There are fears Australian artists may be left unable to work on large-scale and public art projects, as insurance giant QBE prepares to make another round of carve-outs to a policy held by thousands of artists.
QBE will no longer cover artists working at heights of more than five metres under the policy, and those working at lower heights face extra premiums of up to $600 per annum.
The carve-outs would effectively prevent artists doing public art and mural projects or installing their own work in galleries, according to Penelope Benton from the National Association for the Visual Arts (NAVA).
She said the changes are devastating for many of the 6000 artists who rely on the insurance policy.
"What it will mean is there's just a lot less work happening, particularly mural work, which has been thriving for several years," she told AAP.
The carve-outs would also affect professional art installers, and emerging artists and curators, who generally install their own work.
QBE began imposing a series of carve-outs to the $316 a year policy in November 2022, with the new height restriction limitations to apply from October.
NAVA has supplied the widely held policy for artists through QBE for more than a decade, and in that time there has not been a single public liability claim related to working at heights, said Benton.
QBE has not changed the level of cover it is providing to artists, but it is negotiating proposed amendments to its policy terms, the company said in a statement.
'We acknowledge some of the proposed amendments have created confusion, which we are actively working through with NAVA and their broker," QBE stated.
"No change will be implemented until the negotiations are completed with NAVA’s agreement."
Artist Texta Queen recently finished a four-metre high mural in the Melbourne suburb of Reservoir, one of five giant public artworks installed for the Darebin festival FUSE.
'Feeling a Fervour for a Fertile Future' features pomegranates, a fruit with symbolism across Asia and the Middle East where many residents hail from.
Texta Queen safely used a scissor lift to paint the highest parts, but fears changes to their policy will leave them unable to do similar projects in future.
"If it happens, it'll be terrible ... I guess I would have to look into probably more expensive insurance," they said.
These types of policies are vastly more expensive because they are designed for construction workers such as scaffolders, who work at heights every day.

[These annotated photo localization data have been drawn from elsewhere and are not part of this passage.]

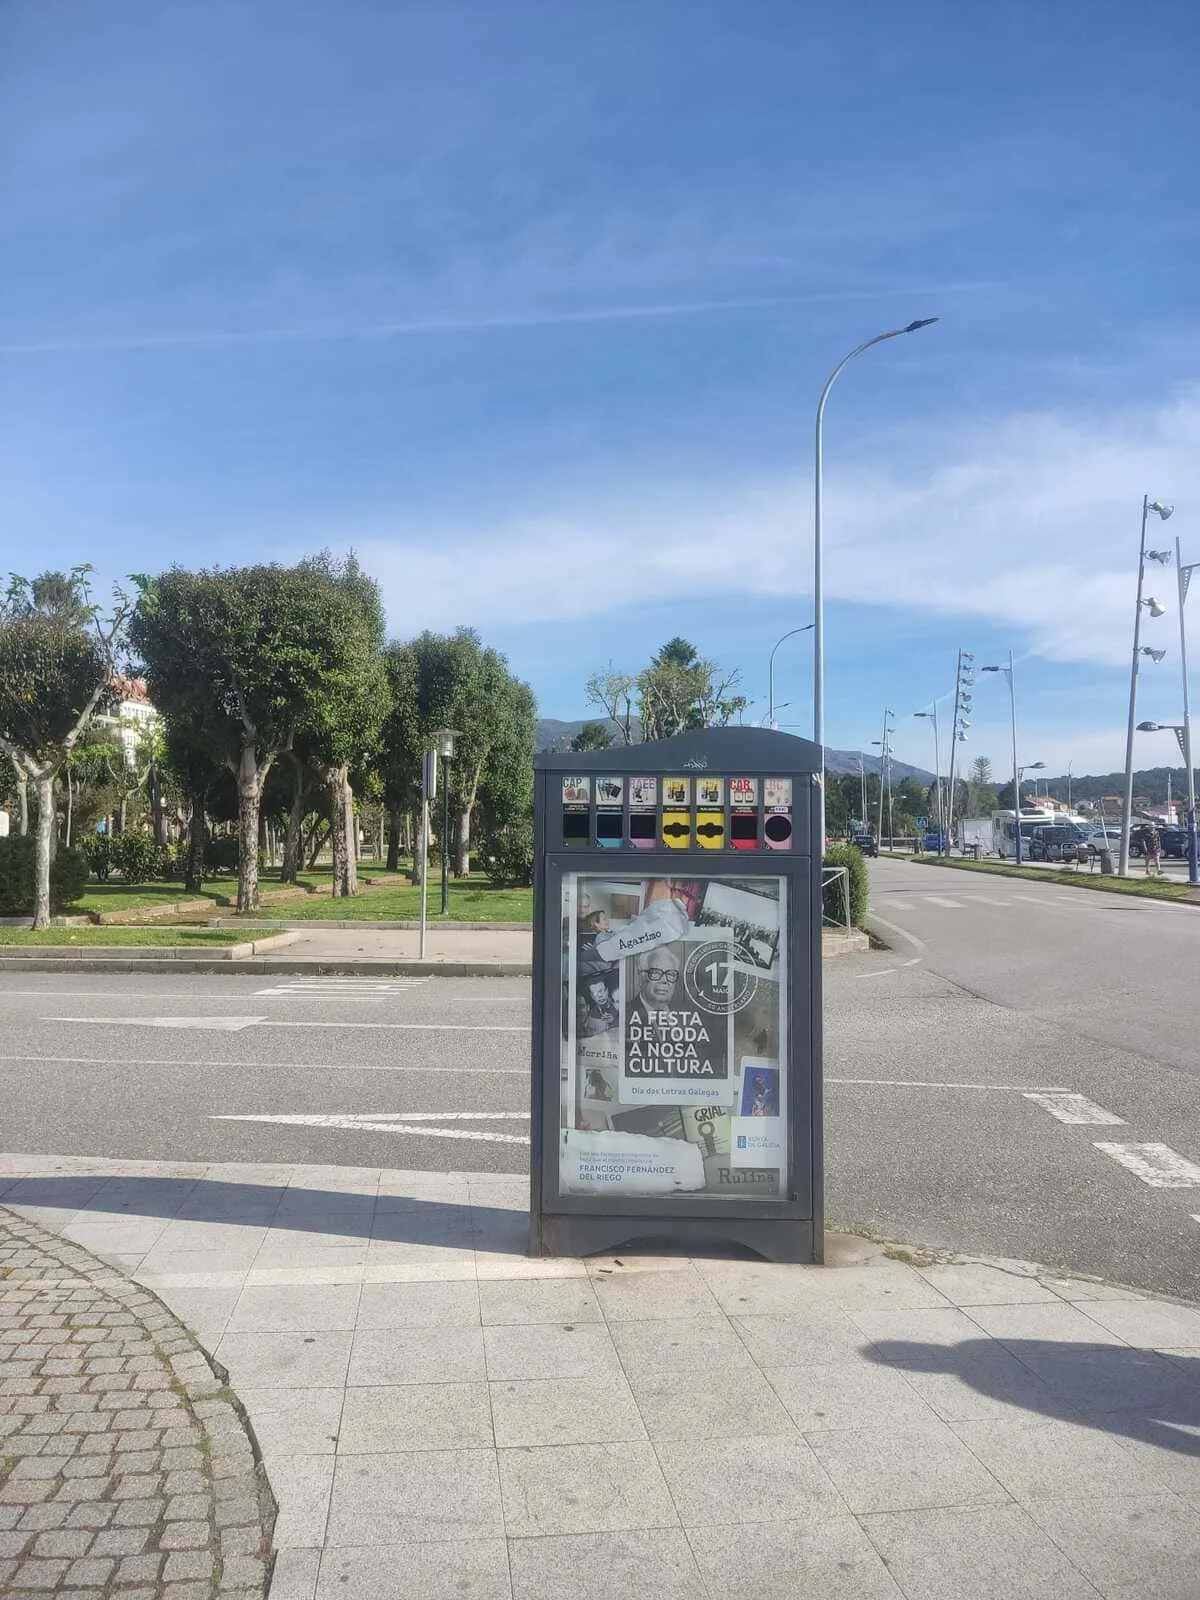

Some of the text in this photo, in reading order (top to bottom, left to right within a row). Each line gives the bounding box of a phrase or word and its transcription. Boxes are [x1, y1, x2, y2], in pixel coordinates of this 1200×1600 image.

[618, 930, 662, 950] Agarimo
[705, 962, 733, 986] 17
[629, 1011, 703, 1026] A FESTA
[630, 1026, 710, 1042] DE TODA
[629, 1043, 698, 1058] A NOSA
[629, 1059, 714, 1074] CULTURA
[646, 1087, 659, 1095] das
[661, 1088, 686, 1096] Letras
[688, 1088, 720, 1098] Galegas
[694, 1105, 727, 1122] GRIAL
[579, 1165, 625, 1173] FRANCISCO
[597, 1174, 622, 1182] RIEGO
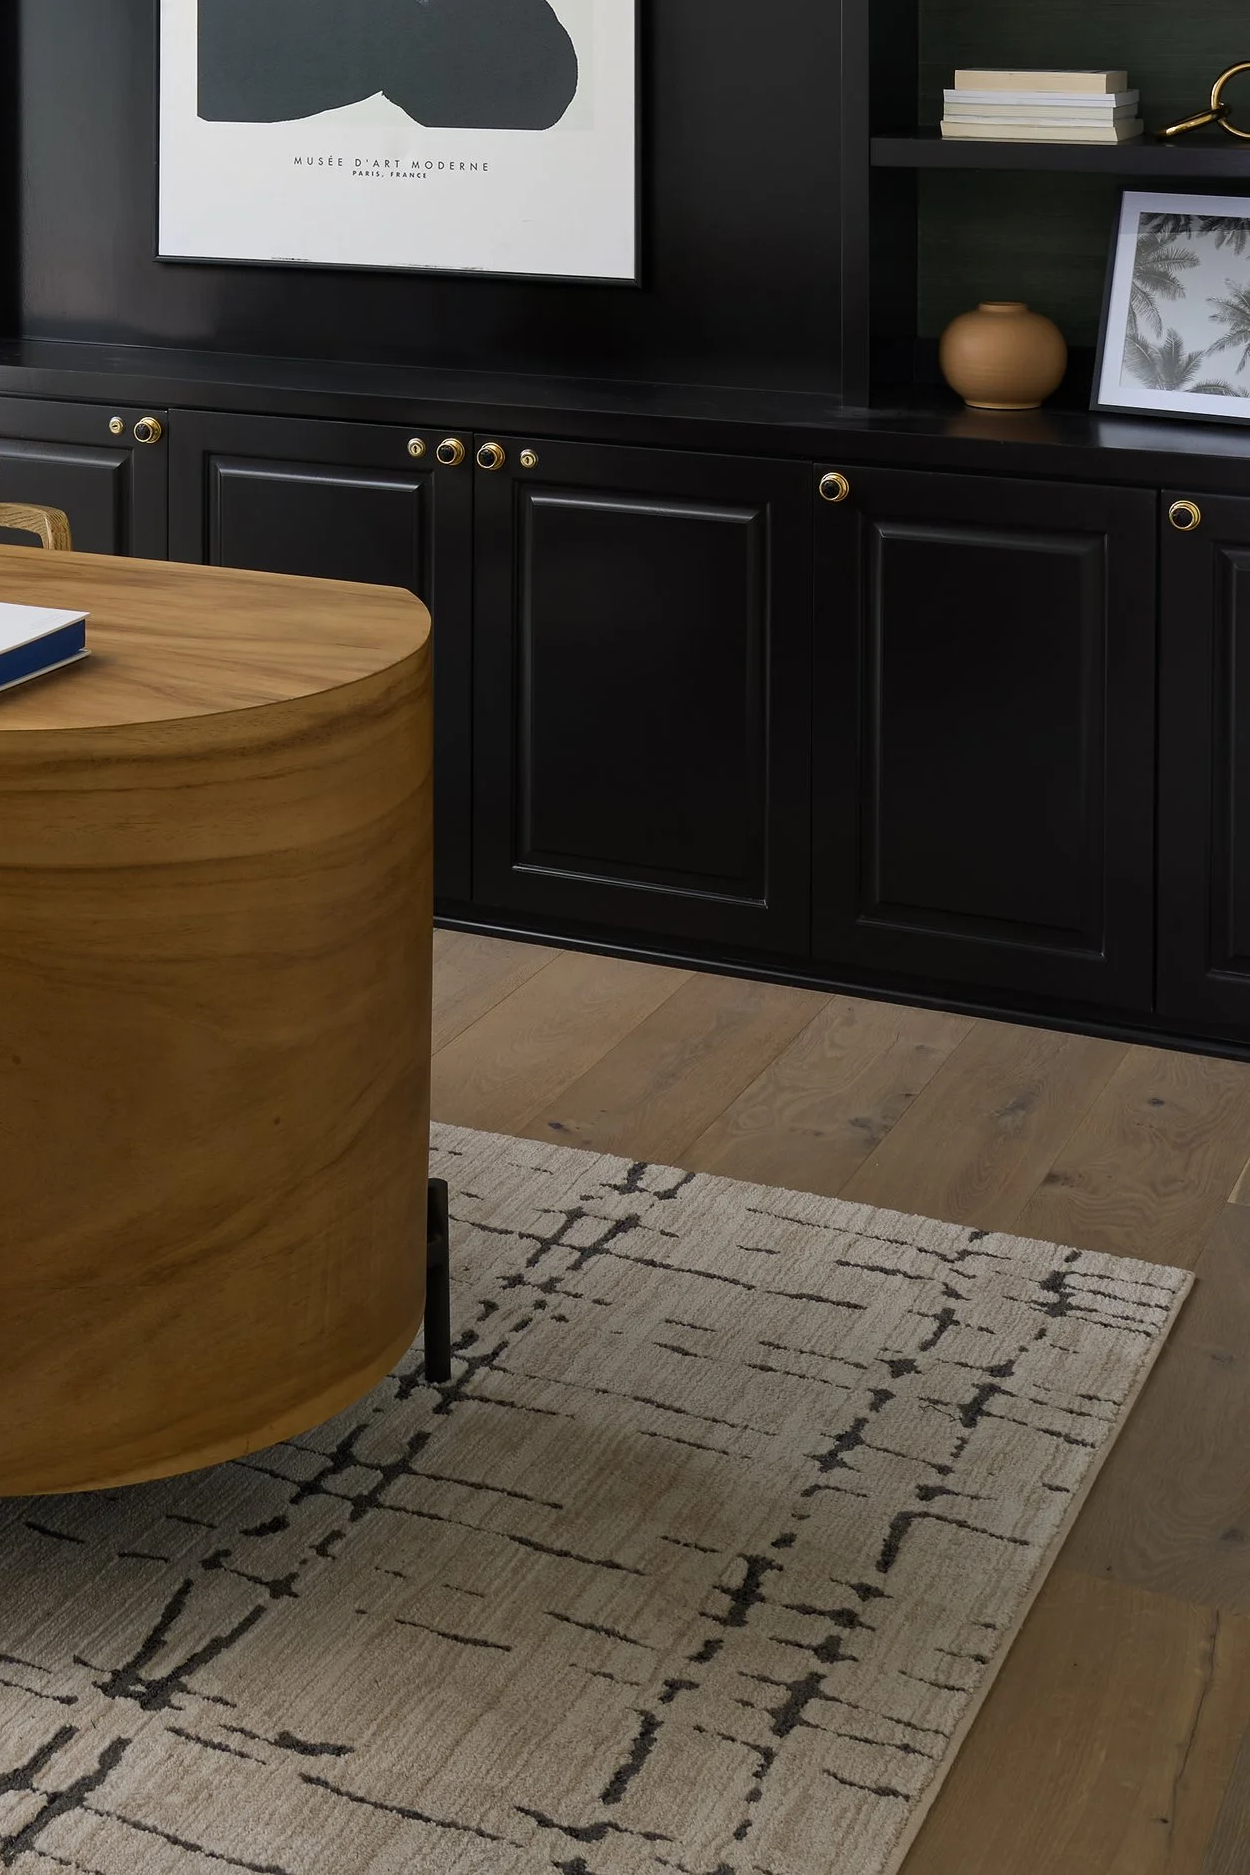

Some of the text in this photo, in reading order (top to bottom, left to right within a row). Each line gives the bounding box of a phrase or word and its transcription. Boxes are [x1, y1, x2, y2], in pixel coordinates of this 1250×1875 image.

[293, 155, 489, 172] MUSÉE D'ART MODERNE
[352, 170, 427, 179] PARIS, FRANCE
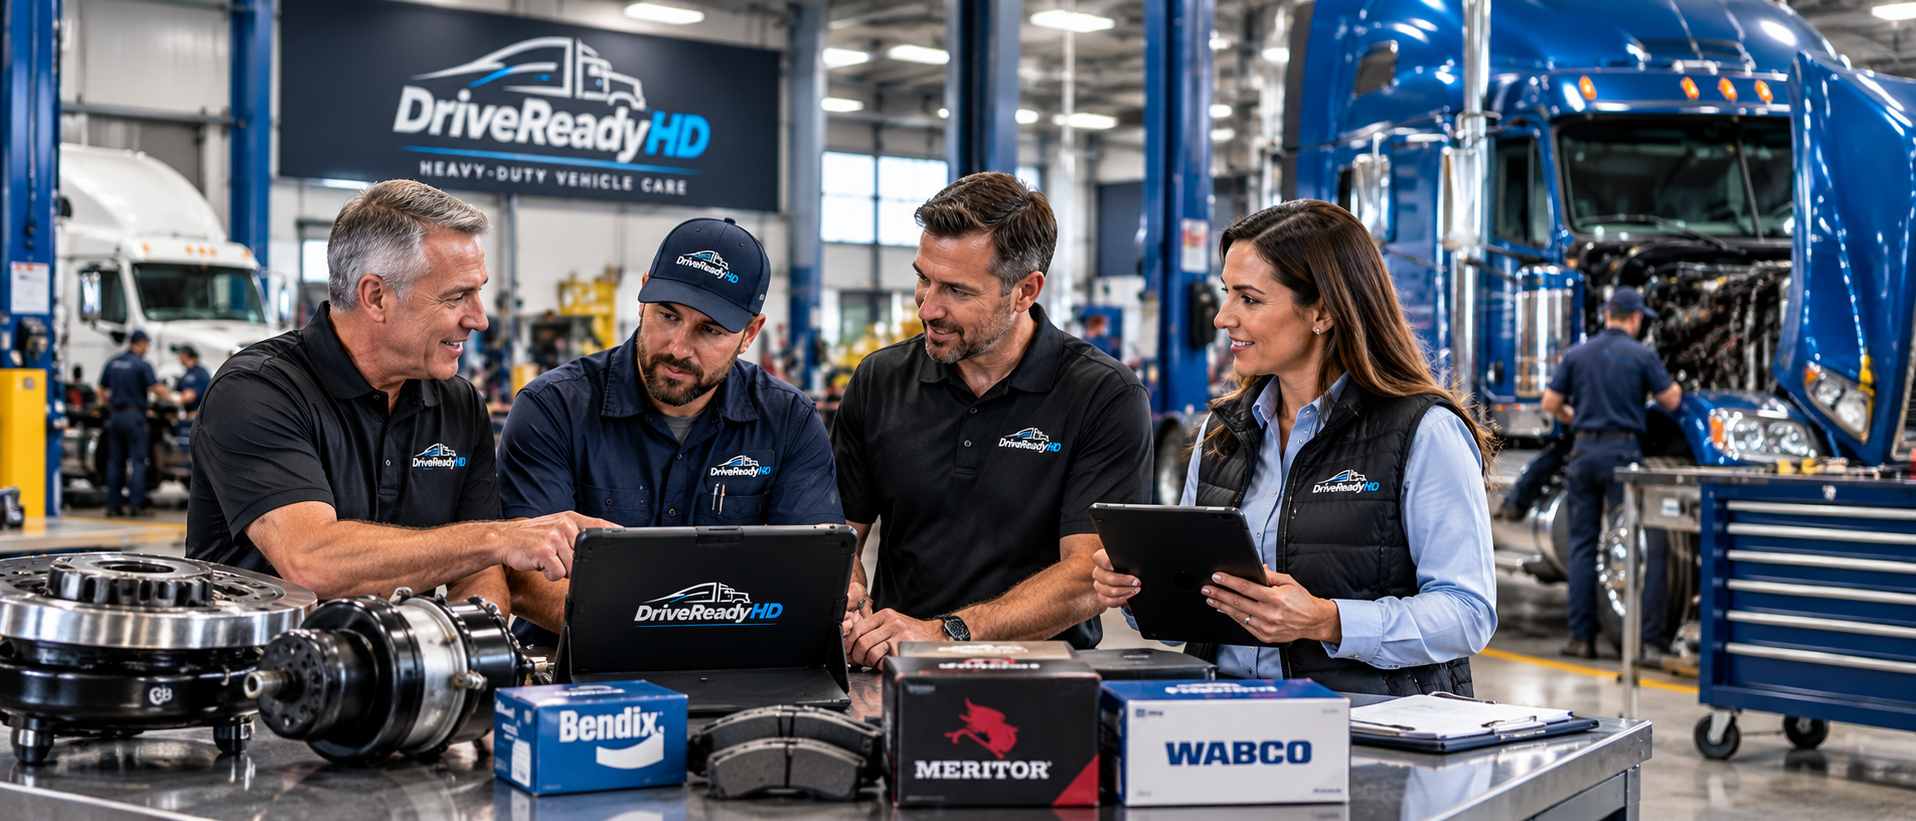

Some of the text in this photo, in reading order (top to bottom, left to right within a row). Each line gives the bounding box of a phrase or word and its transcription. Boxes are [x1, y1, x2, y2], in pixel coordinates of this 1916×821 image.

[420, 160, 687, 195] HEAVY-DUTY VEHICLE CARE
[1165, 740, 1313, 766] WABCO
[914, 760, 1051, 780] MERITOR
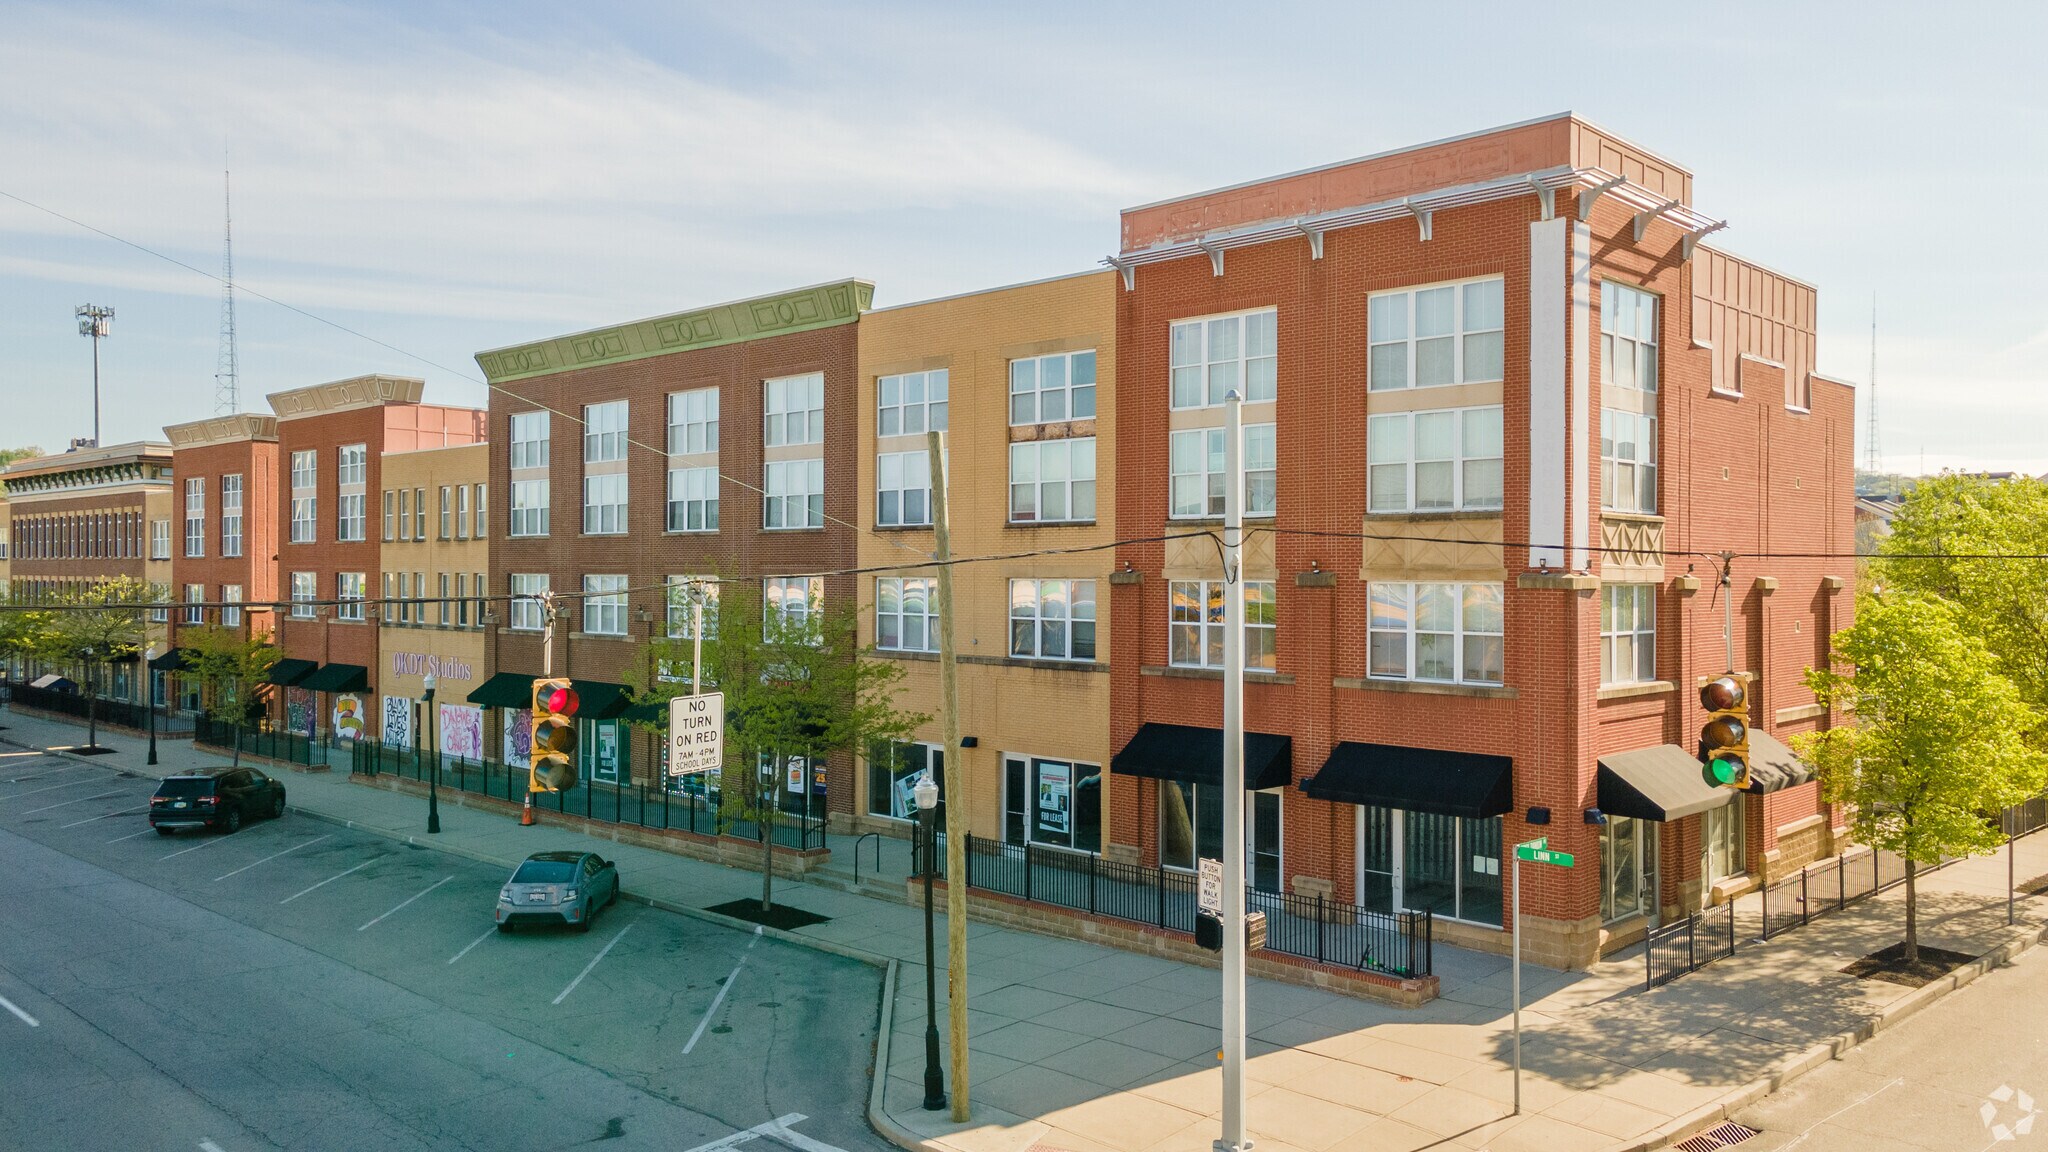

Because projects like Texta Queen's mural don't happen often, the extra premiums would mean the insurance is no longer affordable for many, Benton said.
"The insurance will cost more than they'll be earning for the gig, which will mean a lot of people will just not do it," she said.
"Many are just going to be completely priced out of insurance and alternatives are usually a lot more than triple the price."
Public and commercial galleries, as well as council projects, rely on artists having their own insurance, according to Benton.
She fears the policy changes will see more artists and arts workers leave the sector because won't be feasible for them to pursue a career.
Broker Local Community Insurance Services has also been contacted for comment.